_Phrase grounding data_
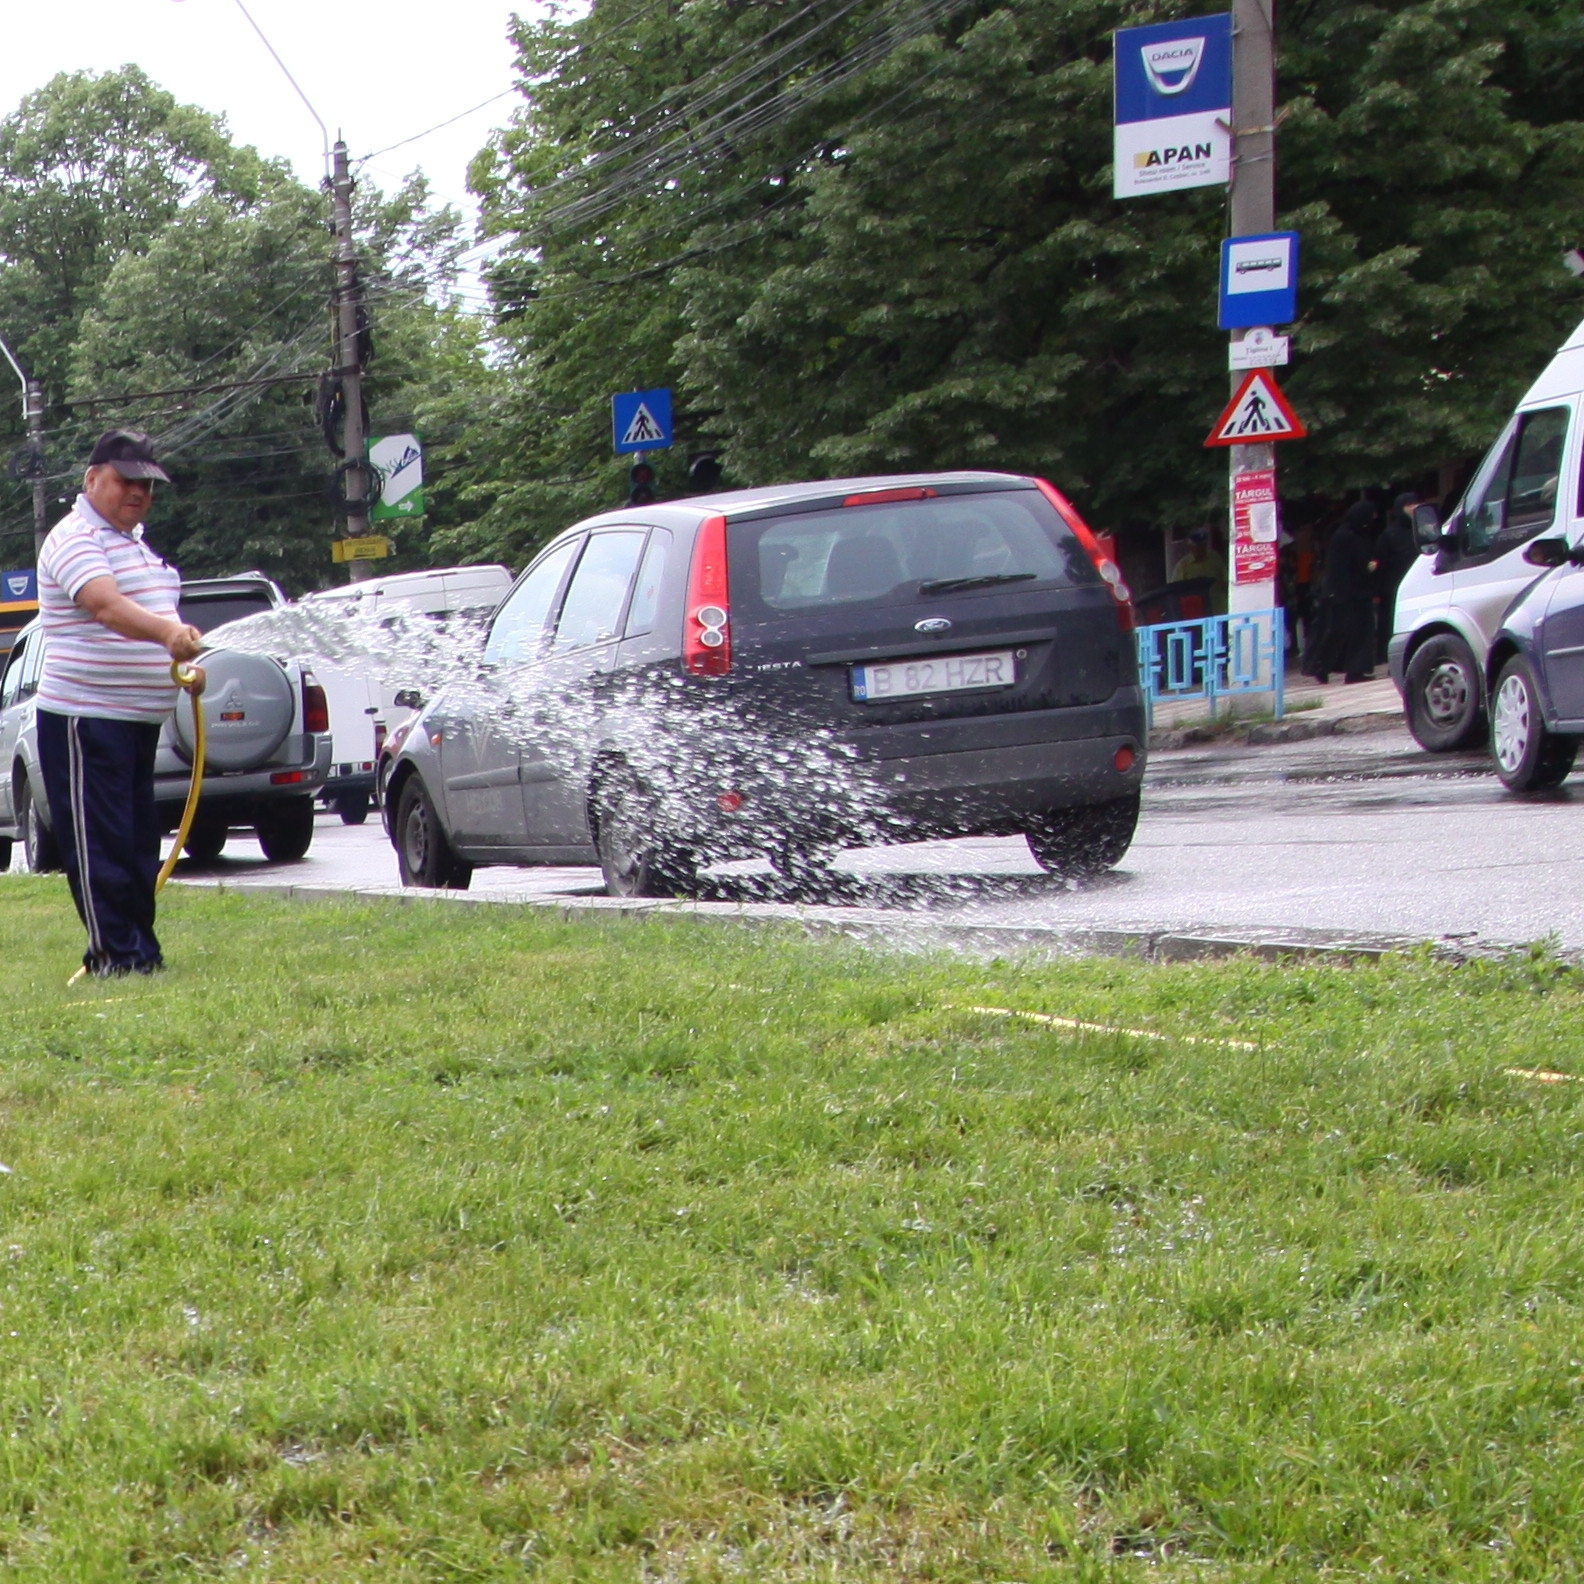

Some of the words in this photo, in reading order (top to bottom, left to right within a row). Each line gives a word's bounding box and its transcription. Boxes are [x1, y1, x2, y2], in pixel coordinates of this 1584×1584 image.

[1151, 48, 1193, 62] DACIA
[1144, 142, 1212, 168] APAN
[756, 660, 802, 672] IESTA
[873, 669, 891, 694] B
[905, 664, 936, 692] 82
[945, 657, 1004, 687] HZR
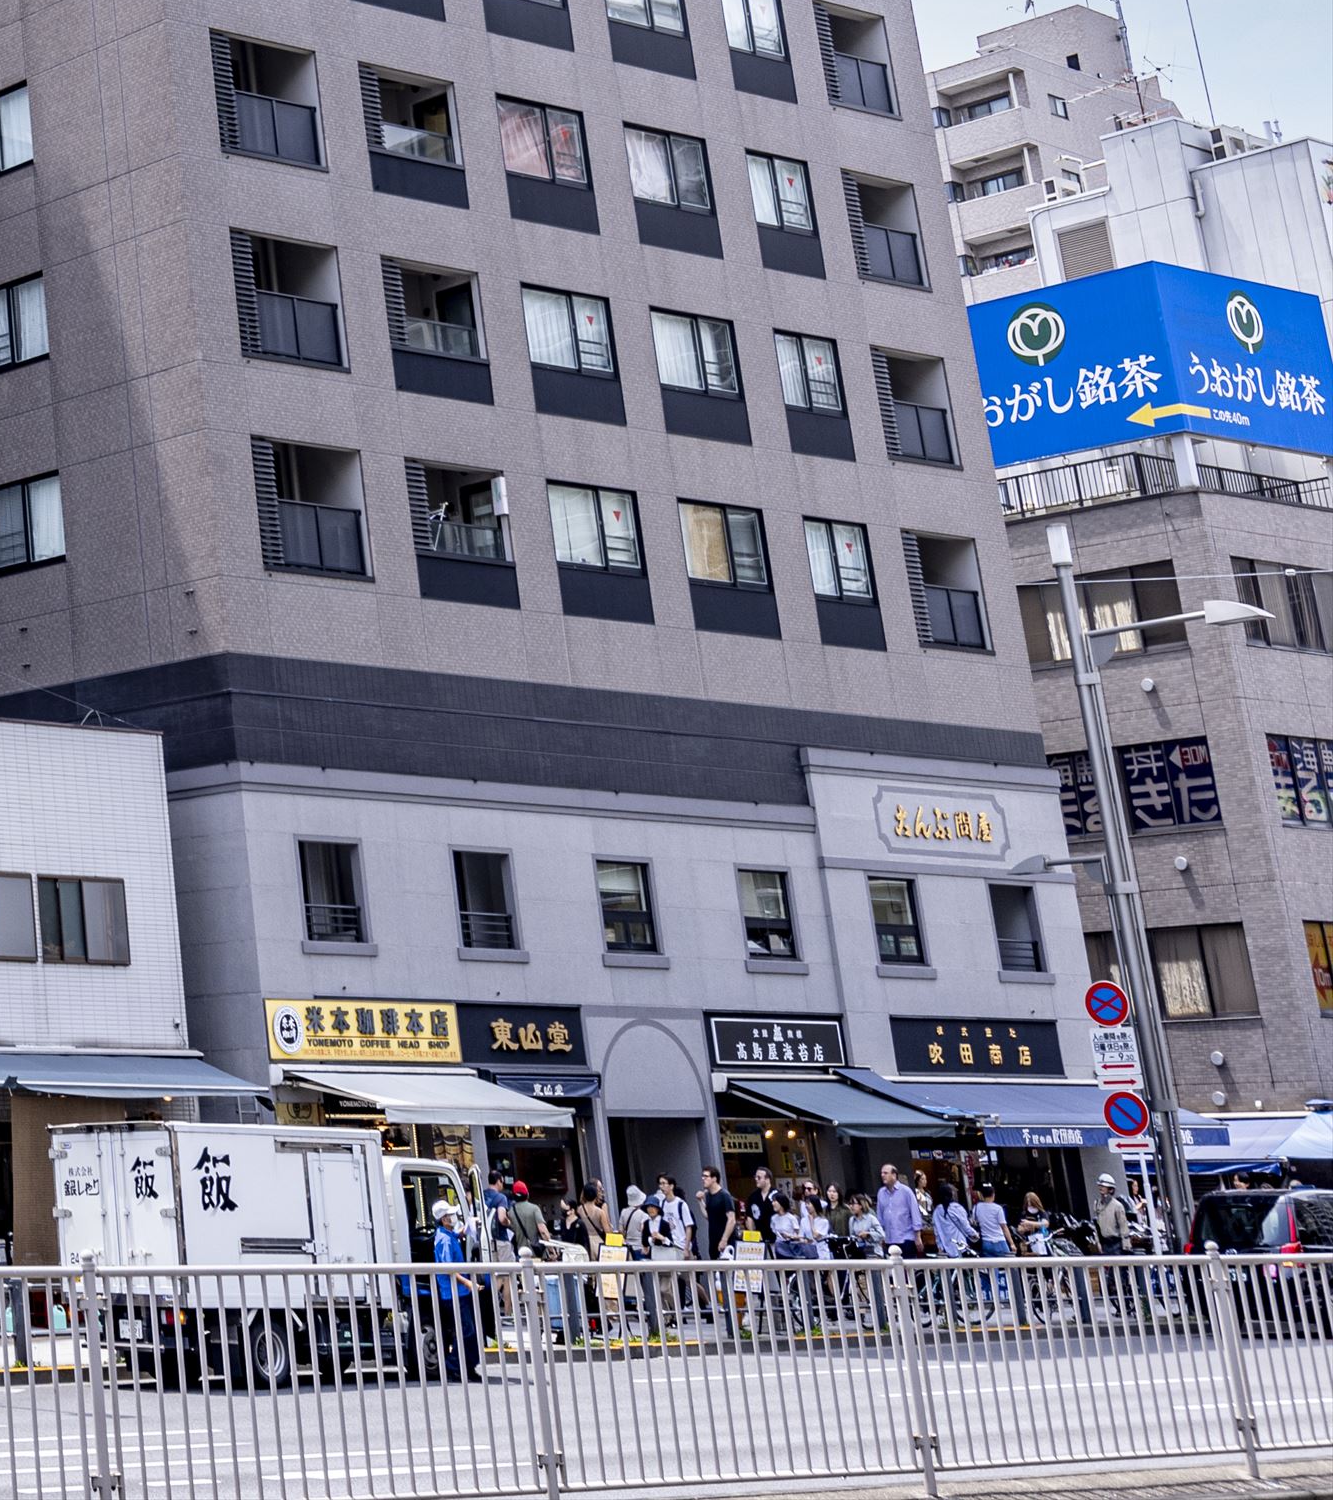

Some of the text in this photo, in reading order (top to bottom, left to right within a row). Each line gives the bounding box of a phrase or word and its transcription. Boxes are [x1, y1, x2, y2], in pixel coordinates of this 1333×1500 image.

[1188, 351, 1326, 415] うおがし銘茶
[305, 1006, 450, 1037] 米本珈琲本店
[490, 1018, 573, 1052] 東山堂
[307, 1038, 450, 1050] YONEMOTO COFFEE HEAD SHOP
[928, 1042, 1032, 1066] 吹田商店
[532, 1083, 565, 1097] 東山堂
[68, 1166, 94, 1177] 株式会社
[130, 1156, 159, 1199] 飯
[193, 1147, 239, 1212] 飯
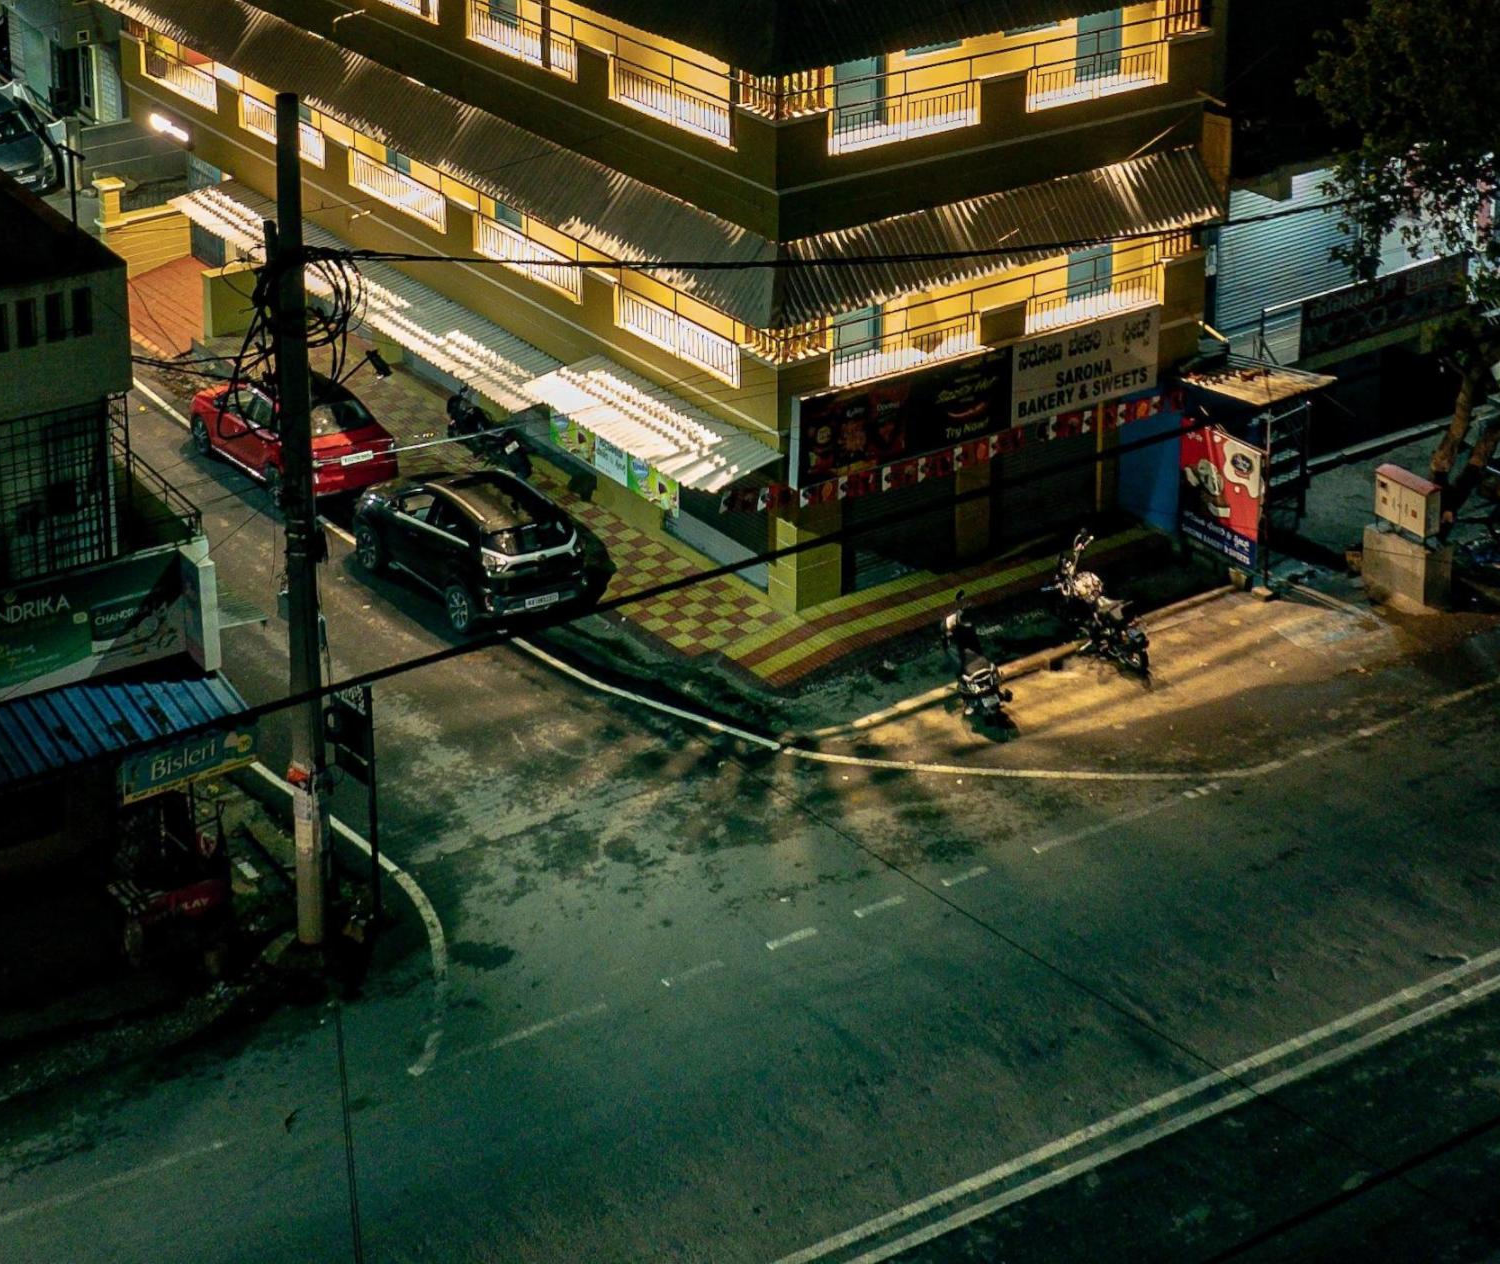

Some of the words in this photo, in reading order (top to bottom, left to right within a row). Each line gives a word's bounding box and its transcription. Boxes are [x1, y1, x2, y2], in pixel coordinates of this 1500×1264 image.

[1017, 387, 1075, 419] BAKERY
[1077, 382, 1089, 401] &
[1092, 366, 1149, 397] SWEETS
[1055, 358, 1113, 388] SARONA
[149, 739, 216, 782] Bisleri
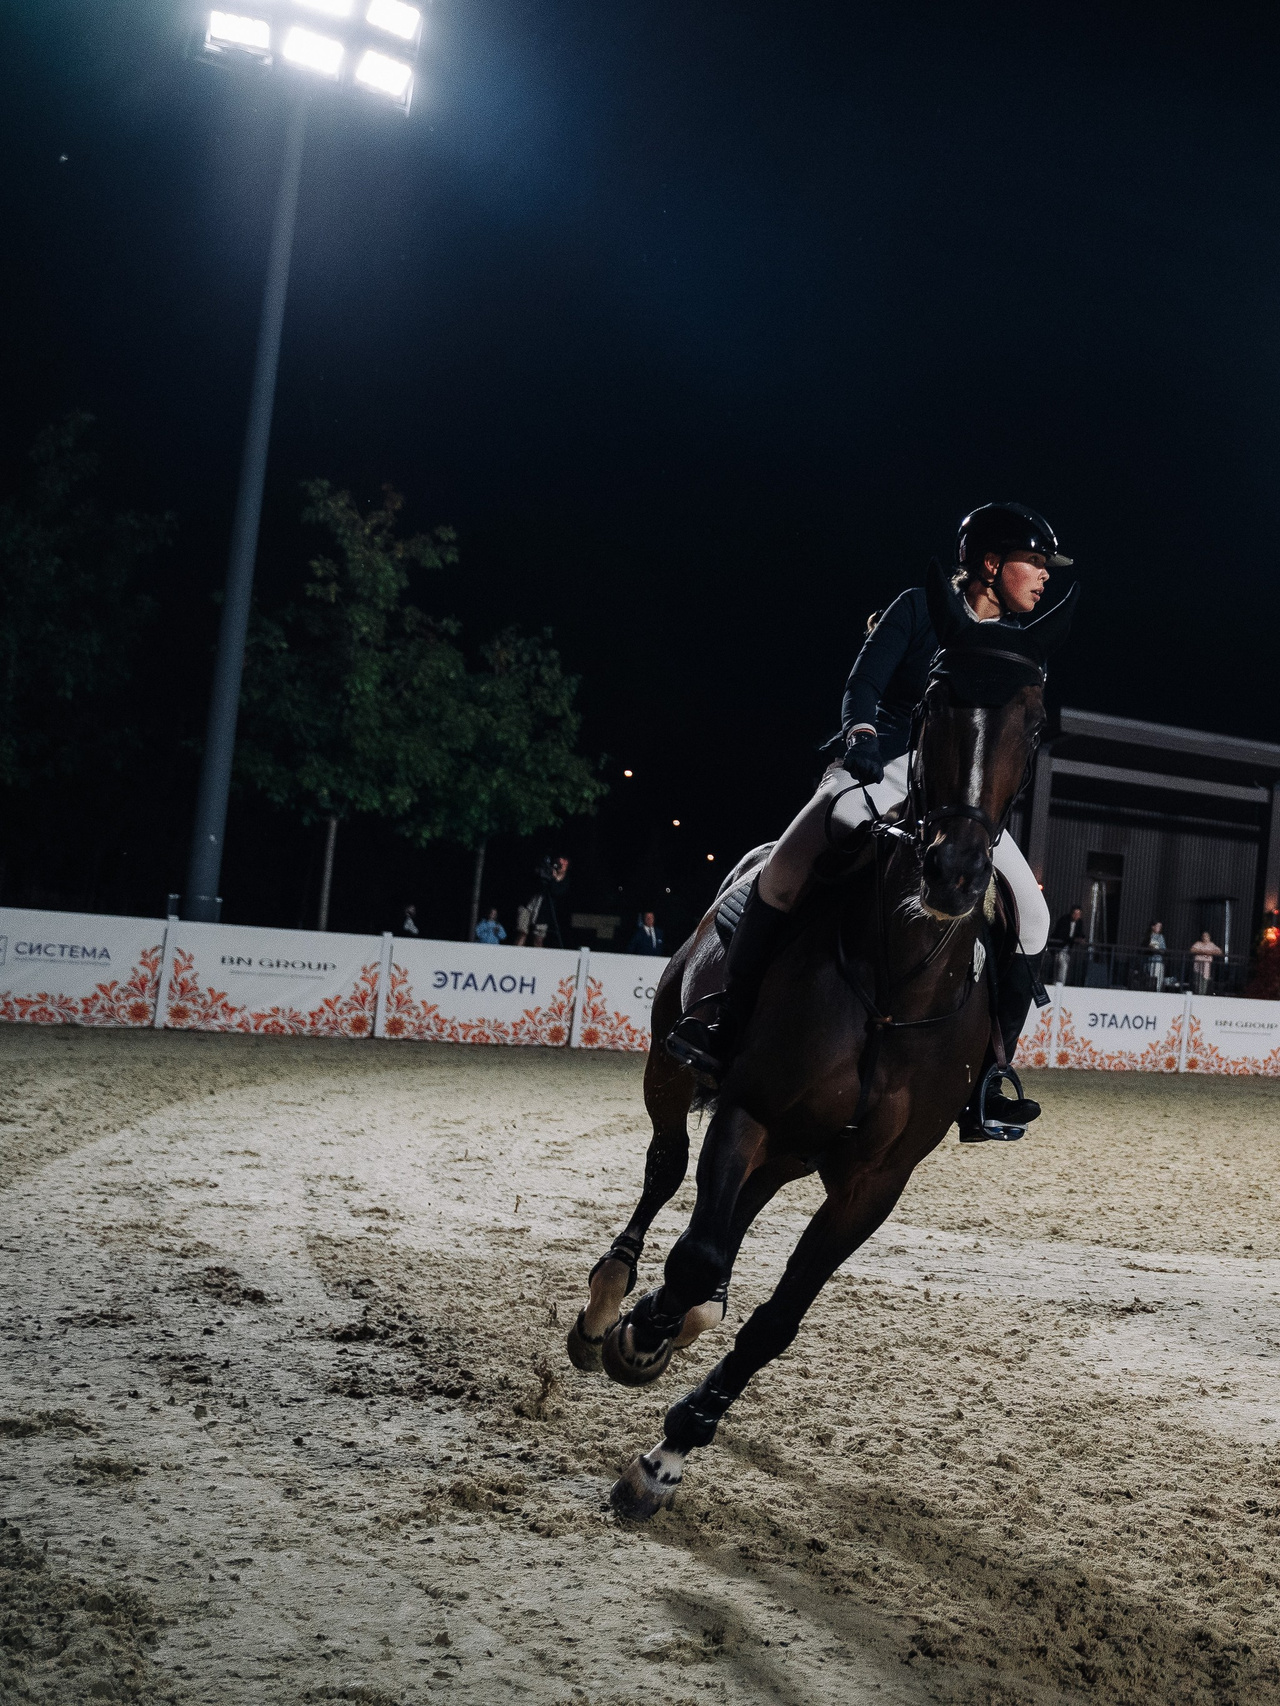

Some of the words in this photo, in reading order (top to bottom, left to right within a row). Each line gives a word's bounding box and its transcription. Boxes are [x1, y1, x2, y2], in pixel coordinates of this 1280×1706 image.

[14, 941, 111, 960] СИСТЕМА
[259, 957, 337, 971] GROUP
[433, 970, 536, 994] ЭТАЛОН
[1088, 1012, 1156, 1030] ЭТАЛОН

_WHAT IS NEEDED_
All of the records should be output exactly as they stand, with pictures omitted.

_ANSWER TO THIS TASK_
Some of the words in this photo, in reading order (top to bottom, left to right within a row). Each line gives a word's bounding box and its transcription. Boxes are [x1, y1, x2, y2], in pixel coordinates of this 1584×1584 image.

[1151, 48, 1193, 62] DACIA
[1144, 142, 1212, 168] APAN
[756, 660, 802, 672] IESTA
[873, 669, 891, 694] B
[905, 664, 936, 692] 82
[945, 657, 1004, 687] HZR

Some of the text in this photo, in reading order (top to bottom, left to right within a row). Each line gives the bounding box of a phrase or word and its transcription. Boxes are [x1, y1, x2, y2], in pixel coordinates of this 1333×1500 image.

[1188, 351, 1326, 415] うおがし銘茶
[305, 1006, 450, 1037] 米本珈琲本店
[490, 1018, 573, 1052] 東山堂
[307, 1038, 450, 1050] YONEMOTO COFFEE HEAD SHOP
[928, 1042, 1032, 1066] 吹田商店
[532, 1083, 565, 1097] 東山堂
[68, 1166, 94, 1177] 株式会社
[130, 1156, 159, 1199] 飯
[193, 1147, 239, 1212] 飯

Some of the words in this photo, in reading order (top to bottom, left to right within a row). Each line gives a word's bounding box and its transcription. Boxes are [x1, y1, x2, y2], in pixel coordinates of this 1500×1264 image.

[1017, 387, 1075, 419] BAKERY
[1077, 382, 1089, 401] &
[1092, 366, 1149, 397] SWEETS
[1055, 358, 1113, 388] SARONA
[149, 739, 216, 782] Bisleri

Some of the words in this photo, in reading order (top to bottom, left to right within a row). Each line gives a word's bounding box and its transcription. Boxes are [x1, y1, x2, y2], in pixel coordinates of this 1280×1706 image.

[14, 941, 111, 960] СИСТЕМА
[259, 957, 337, 971] GROUP
[433, 970, 536, 994] ЭТАЛОН
[1088, 1012, 1156, 1030] ЭТАЛОН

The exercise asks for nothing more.